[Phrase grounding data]
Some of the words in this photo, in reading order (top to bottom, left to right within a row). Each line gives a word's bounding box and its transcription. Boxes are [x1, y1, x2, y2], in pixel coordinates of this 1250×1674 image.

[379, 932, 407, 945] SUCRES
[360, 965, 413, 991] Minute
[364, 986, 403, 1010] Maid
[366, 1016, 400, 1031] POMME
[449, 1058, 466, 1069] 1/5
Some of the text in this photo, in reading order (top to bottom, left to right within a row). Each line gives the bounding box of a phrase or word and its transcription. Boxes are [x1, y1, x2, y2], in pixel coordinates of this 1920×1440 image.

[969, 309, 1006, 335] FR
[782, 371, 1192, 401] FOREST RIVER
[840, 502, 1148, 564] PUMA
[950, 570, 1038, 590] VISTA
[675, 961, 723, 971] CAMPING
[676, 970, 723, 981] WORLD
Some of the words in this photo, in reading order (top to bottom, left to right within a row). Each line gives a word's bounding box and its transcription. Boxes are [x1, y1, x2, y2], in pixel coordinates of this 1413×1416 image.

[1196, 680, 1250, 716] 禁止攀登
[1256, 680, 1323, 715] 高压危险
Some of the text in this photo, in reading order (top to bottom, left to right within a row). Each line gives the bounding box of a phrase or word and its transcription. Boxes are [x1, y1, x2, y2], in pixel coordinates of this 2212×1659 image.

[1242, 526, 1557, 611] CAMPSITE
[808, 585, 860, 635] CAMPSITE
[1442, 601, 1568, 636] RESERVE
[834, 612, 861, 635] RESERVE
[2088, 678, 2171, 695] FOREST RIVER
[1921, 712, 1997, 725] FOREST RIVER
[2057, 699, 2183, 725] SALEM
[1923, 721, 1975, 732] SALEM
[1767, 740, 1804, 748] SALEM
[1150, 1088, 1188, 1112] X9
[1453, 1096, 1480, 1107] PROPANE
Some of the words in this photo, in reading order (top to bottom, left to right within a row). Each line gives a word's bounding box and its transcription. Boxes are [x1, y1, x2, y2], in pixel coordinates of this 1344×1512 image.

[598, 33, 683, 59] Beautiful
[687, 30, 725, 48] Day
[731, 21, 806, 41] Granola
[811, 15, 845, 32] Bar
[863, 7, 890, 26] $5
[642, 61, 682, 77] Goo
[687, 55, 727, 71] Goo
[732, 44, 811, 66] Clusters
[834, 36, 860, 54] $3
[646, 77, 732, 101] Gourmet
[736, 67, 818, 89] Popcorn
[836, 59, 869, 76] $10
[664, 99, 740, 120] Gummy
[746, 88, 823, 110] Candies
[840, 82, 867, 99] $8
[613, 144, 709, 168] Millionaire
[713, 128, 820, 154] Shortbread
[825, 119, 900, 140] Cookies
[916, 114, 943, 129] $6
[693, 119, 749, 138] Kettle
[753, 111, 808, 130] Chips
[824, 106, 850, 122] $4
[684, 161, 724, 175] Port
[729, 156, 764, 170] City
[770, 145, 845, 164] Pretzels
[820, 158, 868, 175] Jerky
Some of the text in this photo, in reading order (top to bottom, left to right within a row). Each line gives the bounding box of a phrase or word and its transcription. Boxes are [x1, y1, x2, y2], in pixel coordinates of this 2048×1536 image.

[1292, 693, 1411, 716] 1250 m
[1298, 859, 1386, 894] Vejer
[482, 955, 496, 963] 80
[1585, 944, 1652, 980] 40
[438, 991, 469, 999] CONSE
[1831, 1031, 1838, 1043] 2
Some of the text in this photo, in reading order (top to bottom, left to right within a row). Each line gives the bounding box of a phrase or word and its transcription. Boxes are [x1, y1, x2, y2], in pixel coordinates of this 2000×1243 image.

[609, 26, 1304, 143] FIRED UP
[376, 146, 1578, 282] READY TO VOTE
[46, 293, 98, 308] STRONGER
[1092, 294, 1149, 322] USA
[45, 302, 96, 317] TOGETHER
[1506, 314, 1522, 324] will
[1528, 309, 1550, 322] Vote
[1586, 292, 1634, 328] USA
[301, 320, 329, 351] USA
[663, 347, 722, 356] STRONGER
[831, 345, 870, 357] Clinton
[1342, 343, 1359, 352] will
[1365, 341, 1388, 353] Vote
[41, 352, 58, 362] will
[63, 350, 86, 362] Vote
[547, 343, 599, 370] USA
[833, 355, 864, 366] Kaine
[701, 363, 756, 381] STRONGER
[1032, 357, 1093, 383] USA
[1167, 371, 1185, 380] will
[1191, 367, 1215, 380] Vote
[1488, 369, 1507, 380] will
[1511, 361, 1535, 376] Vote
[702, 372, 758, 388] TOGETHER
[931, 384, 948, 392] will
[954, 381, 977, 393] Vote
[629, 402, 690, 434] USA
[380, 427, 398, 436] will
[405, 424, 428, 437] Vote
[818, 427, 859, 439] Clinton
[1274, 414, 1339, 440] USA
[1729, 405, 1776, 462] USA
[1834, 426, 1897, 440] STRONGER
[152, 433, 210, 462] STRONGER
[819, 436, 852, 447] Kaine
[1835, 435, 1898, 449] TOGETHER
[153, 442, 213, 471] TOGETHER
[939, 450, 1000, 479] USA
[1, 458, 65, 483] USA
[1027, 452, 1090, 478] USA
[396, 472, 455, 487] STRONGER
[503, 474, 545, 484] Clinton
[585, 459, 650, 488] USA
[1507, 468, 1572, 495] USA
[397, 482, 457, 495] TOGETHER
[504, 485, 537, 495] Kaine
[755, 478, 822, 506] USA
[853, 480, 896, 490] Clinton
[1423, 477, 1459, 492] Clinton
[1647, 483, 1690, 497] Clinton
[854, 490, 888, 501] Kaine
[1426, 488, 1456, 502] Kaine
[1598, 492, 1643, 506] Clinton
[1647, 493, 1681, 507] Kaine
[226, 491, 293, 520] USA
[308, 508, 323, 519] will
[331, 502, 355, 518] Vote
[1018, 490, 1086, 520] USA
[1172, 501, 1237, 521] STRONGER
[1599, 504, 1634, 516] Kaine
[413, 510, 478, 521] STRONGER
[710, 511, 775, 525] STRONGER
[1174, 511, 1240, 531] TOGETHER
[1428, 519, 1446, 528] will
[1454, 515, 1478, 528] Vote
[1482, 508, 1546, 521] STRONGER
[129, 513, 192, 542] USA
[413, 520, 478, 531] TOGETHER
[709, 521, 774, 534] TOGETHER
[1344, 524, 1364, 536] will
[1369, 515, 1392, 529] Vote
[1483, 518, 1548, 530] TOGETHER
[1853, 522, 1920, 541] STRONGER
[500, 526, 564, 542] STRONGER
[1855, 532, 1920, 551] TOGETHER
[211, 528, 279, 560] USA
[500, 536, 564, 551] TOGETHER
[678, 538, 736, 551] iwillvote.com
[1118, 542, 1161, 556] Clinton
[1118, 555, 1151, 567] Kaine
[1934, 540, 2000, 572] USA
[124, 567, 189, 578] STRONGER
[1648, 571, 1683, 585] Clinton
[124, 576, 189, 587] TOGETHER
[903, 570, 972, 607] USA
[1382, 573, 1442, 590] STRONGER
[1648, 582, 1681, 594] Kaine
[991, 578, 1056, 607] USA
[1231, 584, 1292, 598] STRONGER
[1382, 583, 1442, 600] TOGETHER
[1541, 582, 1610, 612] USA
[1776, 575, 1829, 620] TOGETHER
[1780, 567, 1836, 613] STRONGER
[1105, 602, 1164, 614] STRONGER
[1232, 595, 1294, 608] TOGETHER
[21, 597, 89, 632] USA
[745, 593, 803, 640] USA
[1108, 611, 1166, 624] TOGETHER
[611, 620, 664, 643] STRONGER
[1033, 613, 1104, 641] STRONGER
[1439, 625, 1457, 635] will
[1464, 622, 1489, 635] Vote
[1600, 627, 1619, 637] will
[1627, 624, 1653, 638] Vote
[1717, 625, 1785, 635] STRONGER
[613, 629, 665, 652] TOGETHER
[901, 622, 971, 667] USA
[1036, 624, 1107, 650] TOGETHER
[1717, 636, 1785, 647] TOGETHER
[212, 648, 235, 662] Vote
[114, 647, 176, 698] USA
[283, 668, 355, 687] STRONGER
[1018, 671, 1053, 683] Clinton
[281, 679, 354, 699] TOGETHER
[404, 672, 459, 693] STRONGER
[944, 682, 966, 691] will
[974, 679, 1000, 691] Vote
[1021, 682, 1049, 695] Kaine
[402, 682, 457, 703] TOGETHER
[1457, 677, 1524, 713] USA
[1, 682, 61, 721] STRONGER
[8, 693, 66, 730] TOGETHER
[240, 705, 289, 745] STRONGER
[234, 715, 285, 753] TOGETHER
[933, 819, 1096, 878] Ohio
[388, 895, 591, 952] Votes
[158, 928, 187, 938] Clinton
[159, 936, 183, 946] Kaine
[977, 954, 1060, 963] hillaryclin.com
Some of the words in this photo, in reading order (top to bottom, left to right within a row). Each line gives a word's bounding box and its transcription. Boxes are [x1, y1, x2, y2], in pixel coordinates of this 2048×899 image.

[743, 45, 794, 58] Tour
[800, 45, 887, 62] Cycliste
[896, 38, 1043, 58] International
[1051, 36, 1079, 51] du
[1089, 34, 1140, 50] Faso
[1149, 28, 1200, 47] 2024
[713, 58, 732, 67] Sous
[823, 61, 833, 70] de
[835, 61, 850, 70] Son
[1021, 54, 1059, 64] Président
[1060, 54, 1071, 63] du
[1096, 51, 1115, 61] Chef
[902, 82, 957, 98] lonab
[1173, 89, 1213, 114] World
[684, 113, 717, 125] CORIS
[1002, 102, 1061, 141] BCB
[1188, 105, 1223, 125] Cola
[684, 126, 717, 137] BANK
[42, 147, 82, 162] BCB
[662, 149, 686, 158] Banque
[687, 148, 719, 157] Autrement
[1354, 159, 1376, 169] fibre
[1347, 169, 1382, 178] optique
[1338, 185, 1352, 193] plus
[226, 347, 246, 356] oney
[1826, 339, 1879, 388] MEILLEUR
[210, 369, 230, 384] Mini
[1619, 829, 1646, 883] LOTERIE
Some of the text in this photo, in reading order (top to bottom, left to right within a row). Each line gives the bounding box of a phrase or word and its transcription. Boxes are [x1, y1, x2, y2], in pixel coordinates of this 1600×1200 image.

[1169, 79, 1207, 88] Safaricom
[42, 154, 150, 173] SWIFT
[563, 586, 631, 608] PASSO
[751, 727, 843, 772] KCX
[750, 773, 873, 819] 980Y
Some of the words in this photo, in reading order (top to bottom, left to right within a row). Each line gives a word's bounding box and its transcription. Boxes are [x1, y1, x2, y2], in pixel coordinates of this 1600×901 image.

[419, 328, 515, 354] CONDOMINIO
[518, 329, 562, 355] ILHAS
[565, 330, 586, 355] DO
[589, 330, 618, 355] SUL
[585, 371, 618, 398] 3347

- What you should do
Give back exactly the lines from the one that contains "this 1600×901 image." to the end of the data above, both of those lines included.

- Exercise response
Some of the words in this photo, in reading order (top to bottom, left to right within a row). Each line gives a word's bounding box and its transcription. Boxes are [x1, y1, x2, y2], in pixel coordinates of this 1600×901 image.

[419, 328, 515, 354] CONDOMINIO
[518, 329, 562, 355] ILHAS
[565, 330, 586, 355] DO
[589, 330, 618, 355] SUL
[585, 371, 618, 398] 3347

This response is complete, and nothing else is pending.